TSA Budges on Body Scans for Pilots
Pilots will not be subjected to scans, but TSA has not budged on passengers.
Nov. 20, 2010 -- Although the Transportation Security Administration does not appear to be budging on the uproar over graphic body scanners and enhanced pat-downs ahead of the busy holiday travel season, the TSA has done an about-face with airline pilots, and is now allowing them to skip the scanners and pat-downs on their way through the airport.
The TSA's reversal on this measure is a major victory for the pilots, who had sued over the new security measures, calling them unnecessary and demeaning.
"To waste the resources, take them away from the true threat and apply them to our pilots is just absurd," Captain Garry Kravit, of the Airline Pilots Association, told ABC News.
Though the scanners and pat-downs have proven controversial -- particularly across the web -- a recent study found that an overwhelming majority of Americans support the extended security measures, no matter how invasive they may be.

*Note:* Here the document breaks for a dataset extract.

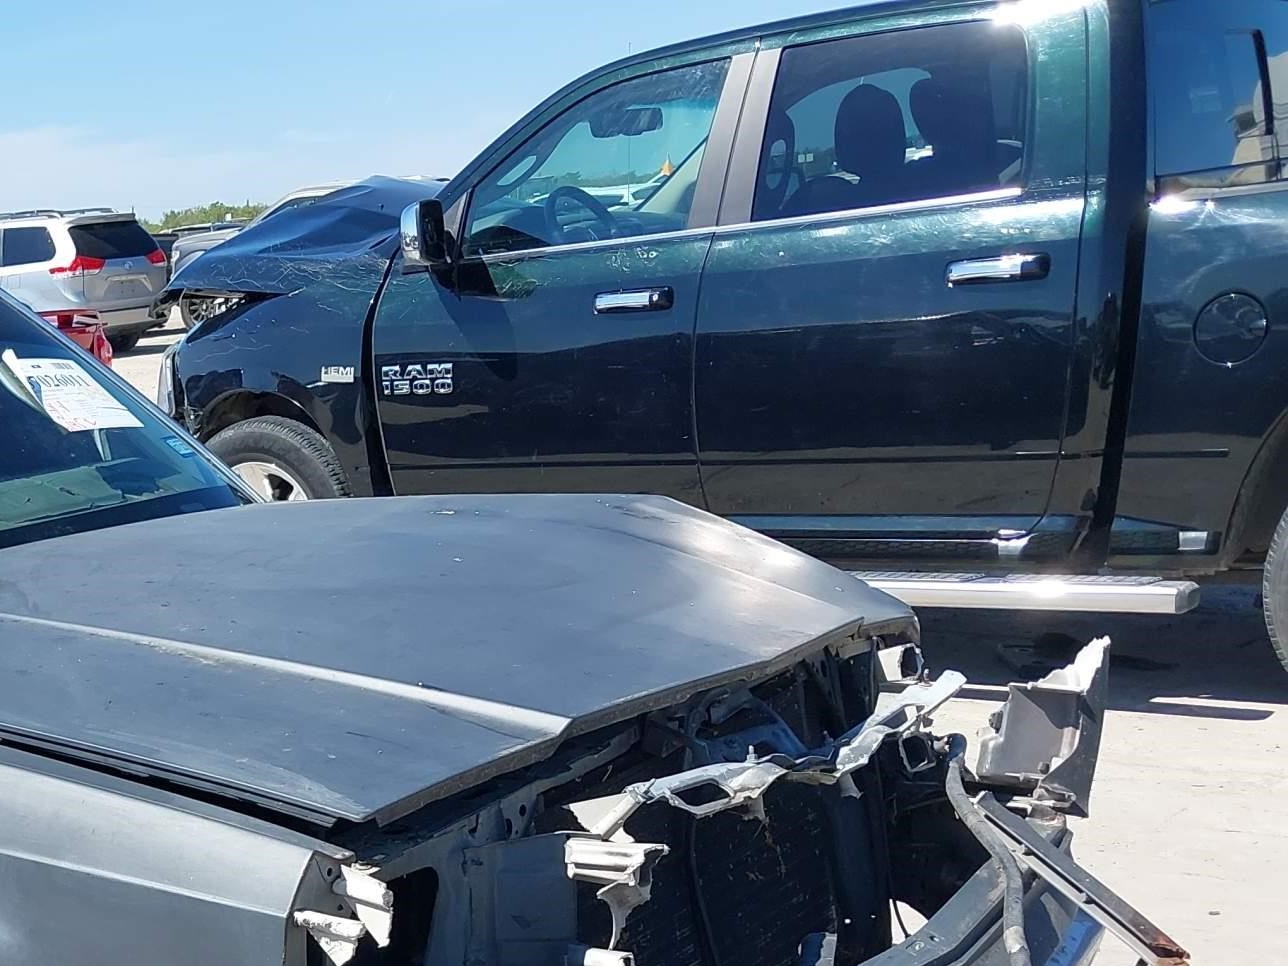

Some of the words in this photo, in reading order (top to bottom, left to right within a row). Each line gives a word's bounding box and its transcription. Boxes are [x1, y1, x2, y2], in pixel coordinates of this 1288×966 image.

[321, 366, 354, 377] HEMI
[381, 363, 453, 379] RAM
[383, 379, 453, 395] 1500

According to the study, 78 percent of Americans approve of the new body scanners and 84 percent believe they will help prevent terrorism.
"If it keeps me safer, no problem," Gary Becker, a traveler at Houston Texas airport told ABC News.
Camile Olson, a traveler at Chicago O'Hare airport, said she thought the controversy over the scanners may be a bit overblown.
"I didn't have an issue today in terms of feeling that there was an invasion of privacy," Olson said.
Some travelers, including Catherine Bossi, have had entirely different experiences, and have been left feeling vulnerable and violated.
Bossi, a flight attendant and breast cancer survivor, said she was forced to remove her prosthetic breast while a TSA pat-down was administered.
"I was horribly shocked," she said. "Yes, I was I felt embarrassed and ashamed. I had cancer and this was the way I was being treated."
Erin Chase, a mother from Ohio who was recently traveling with her infant, said the TSA pat-down was a complete violation of her privacy.
"She went down to the bottom of my legs and moved up my inner thighs and touched my genital area," Chase said. "As a law-abiding American citizen, mom traveling with a baby, I should not have been subject to that sort of a search."
TSA agents have defended these practices by saying they are merely doing their jobs. Under new rules, security staff members are allowed to use the back or front of their hands to pat down any part of a passengers body.
"TSA are professional people -- they're public servants -- it has to be done with courtesy. It has to be done in the proper manner. With 35,000 people, are you going to have people make mistakes? Yes," John McGaw, first head of the TSA, told "Good Morning America" today.
Can TSA Full-Body Scanners Be G-rated?
Meanwhile, technology and political pressure may move American scanners in a more G-rated direction, even as foreign countries are getting more invasive.
The TSA is testing new X-ray technology that will show a "stick figure" instead of a passenger's full-body image. Viewers on the other end of the X-ray would see anomalies -- anything from a suicide vest to a cell phone on a belt clip -- highlighted on the anatomically-ambiguous figure.
The United States, however, is not the only country employing unpopular security methods. Canada installed full-body scanners at 16 major airports in January, which also is when it started aggressive pat-downs with airport officials running hands inside pants waistbands.
Over in Europe, London's Heathrow Airport has been using body scanners for the last eight months as part of a pilot program. Nearby countries, security experts say, also are looking into body scanners.
"Europe is certainly looking into the way the technology is being implemented in the U.S.," said Rafi Ron, CEO of New Age Security, a security consulting firm. "I think we can expect sometime soon similar technology [will] be another European standard."